## Problem to work on
For the data that follows, return each line unchanged and drop the pictures.

## Spatial localization data
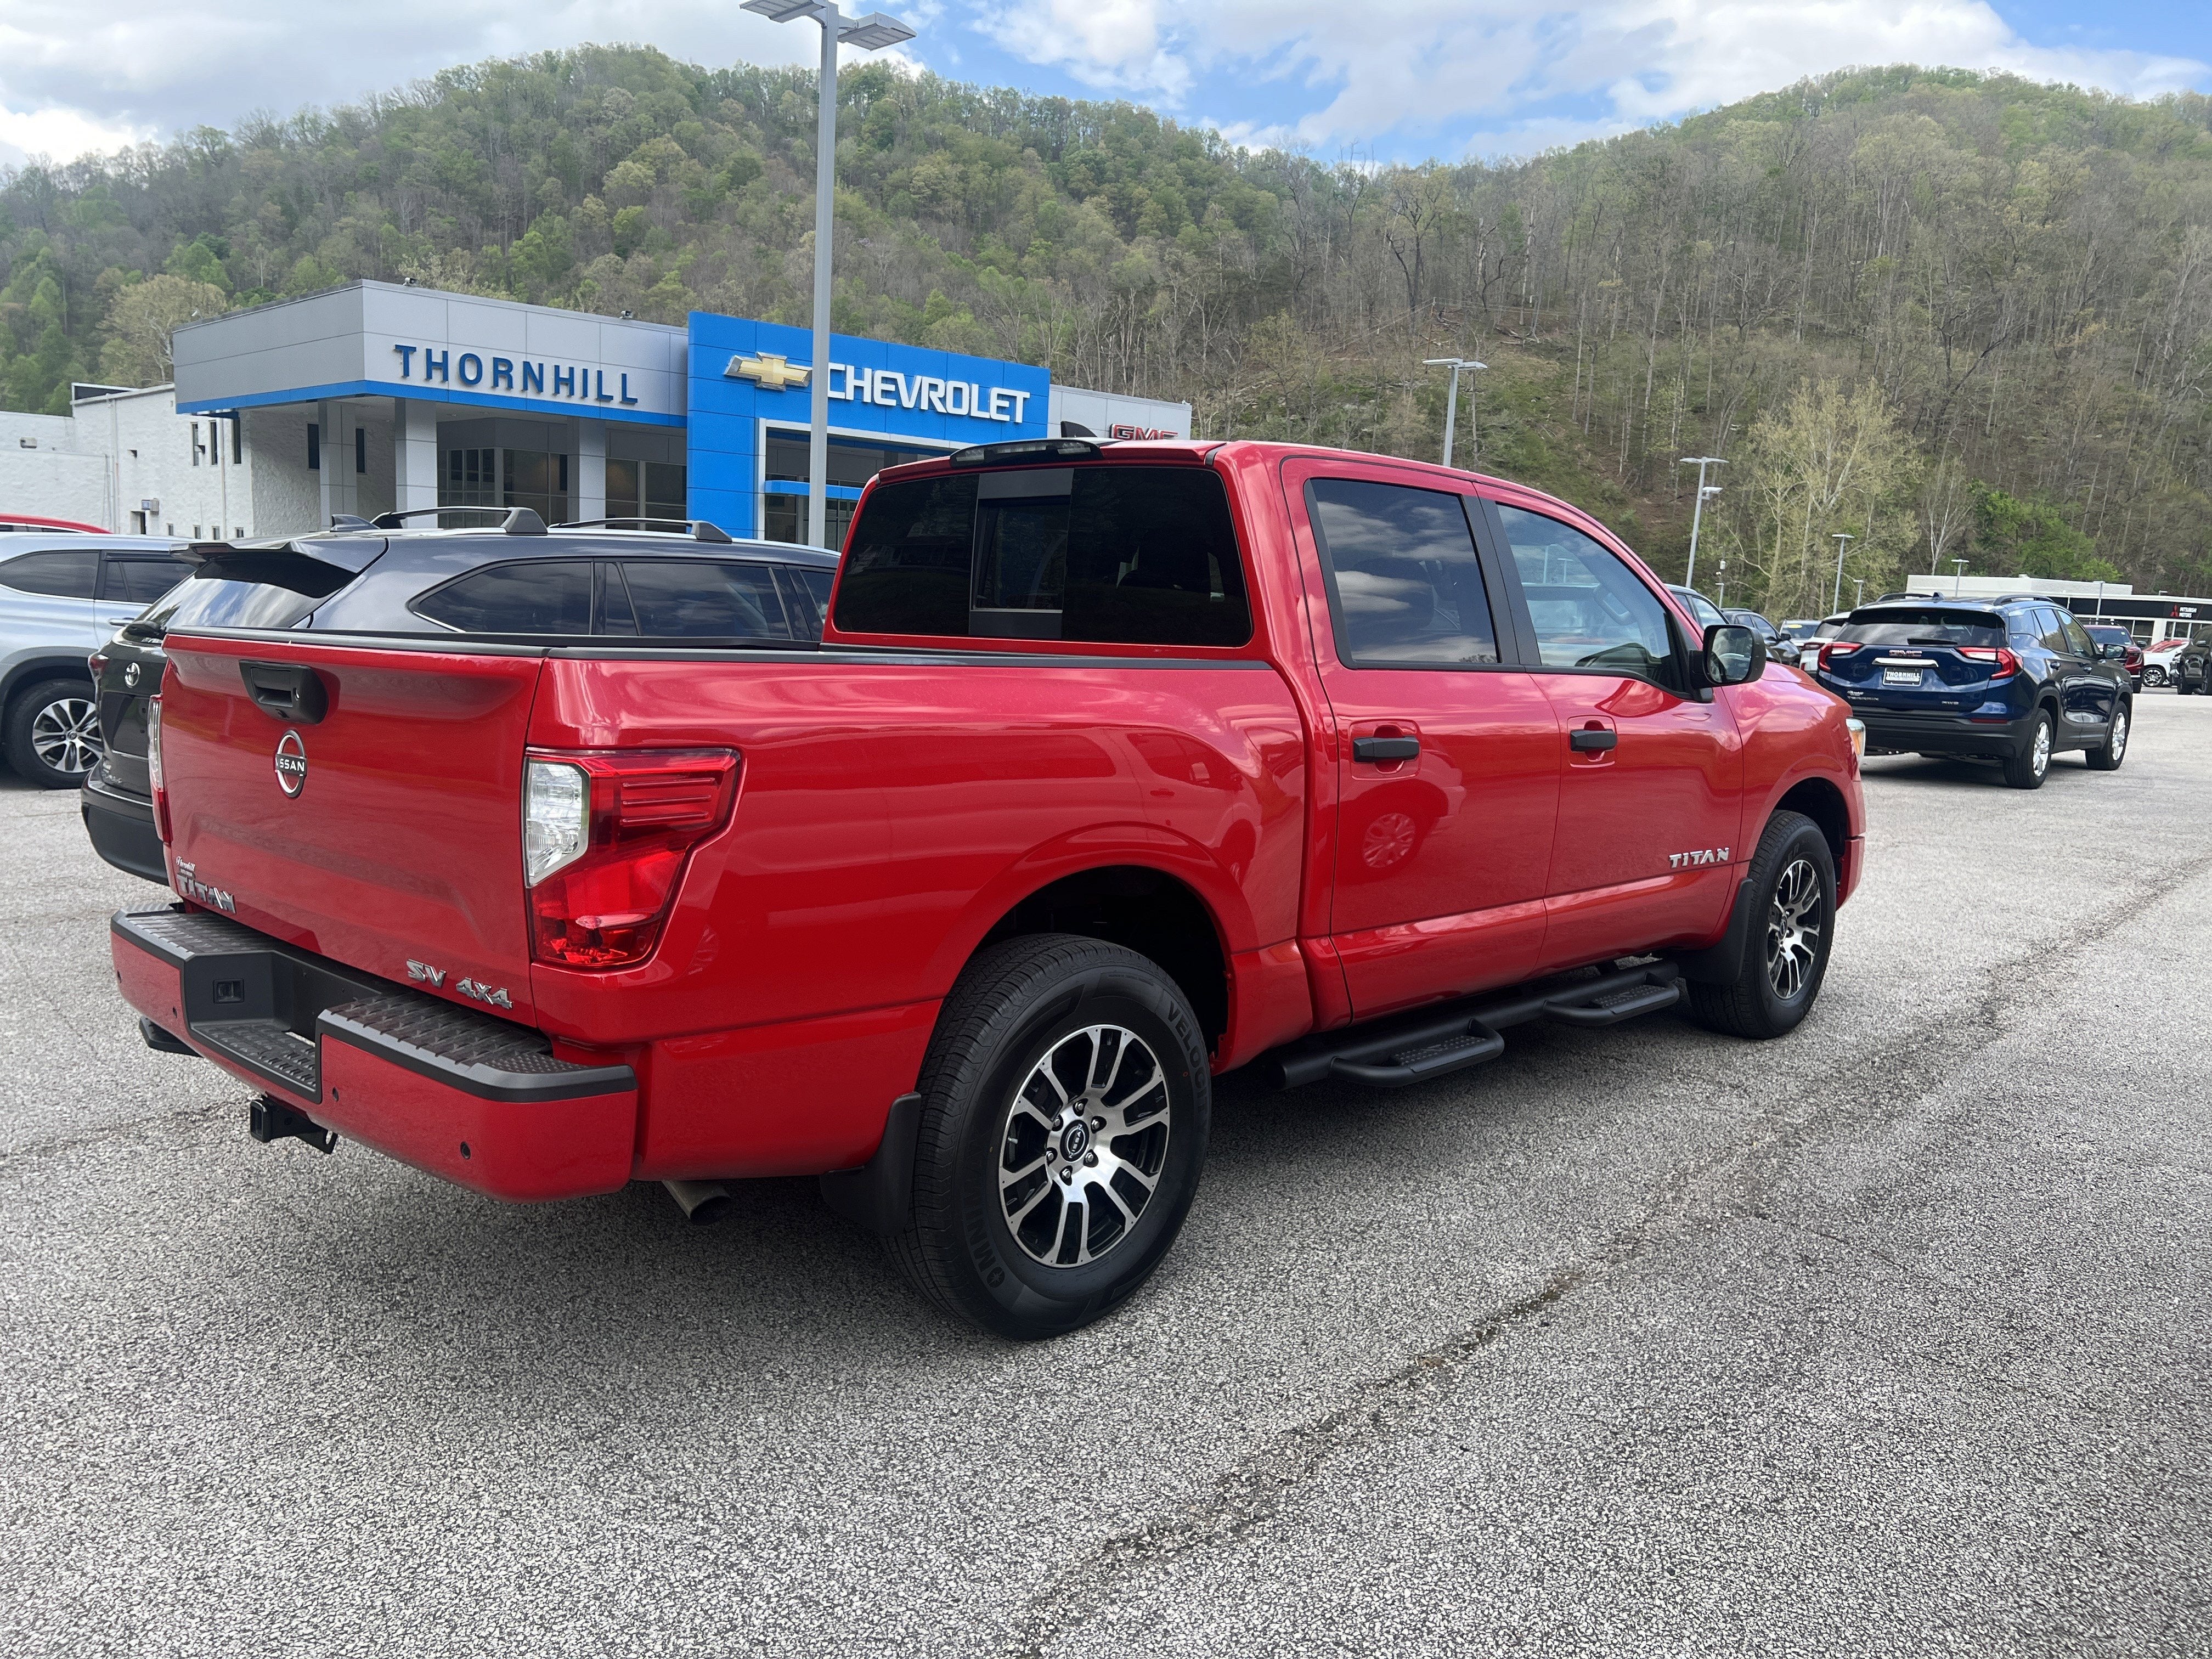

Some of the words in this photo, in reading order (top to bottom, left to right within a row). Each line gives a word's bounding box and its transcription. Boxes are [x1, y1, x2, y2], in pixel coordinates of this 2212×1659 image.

[394, 344, 638, 404] THORNHILL
[827, 362, 1030, 423] CHEVROLET
[275, 757, 305, 772] SSAN
[1669, 847, 1730, 869] TITAN
[176, 873, 237, 915] TITAN
[406, 958, 447, 989] SV

## Written solution
Some of the words in this photo, in reading order (top to bottom, left to right within a row). Each line gives a word's bounding box and its transcription. Boxes are [x1, y1, x2, y2], in pixel coordinates of this 2212×1659 image.

[394, 344, 638, 404] THORNHILL
[827, 362, 1030, 423] CHEVROLET
[275, 757, 305, 772] SSAN
[1669, 847, 1730, 869] TITAN
[176, 873, 237, 915] TITAN
[406, 958, 447, 989] SV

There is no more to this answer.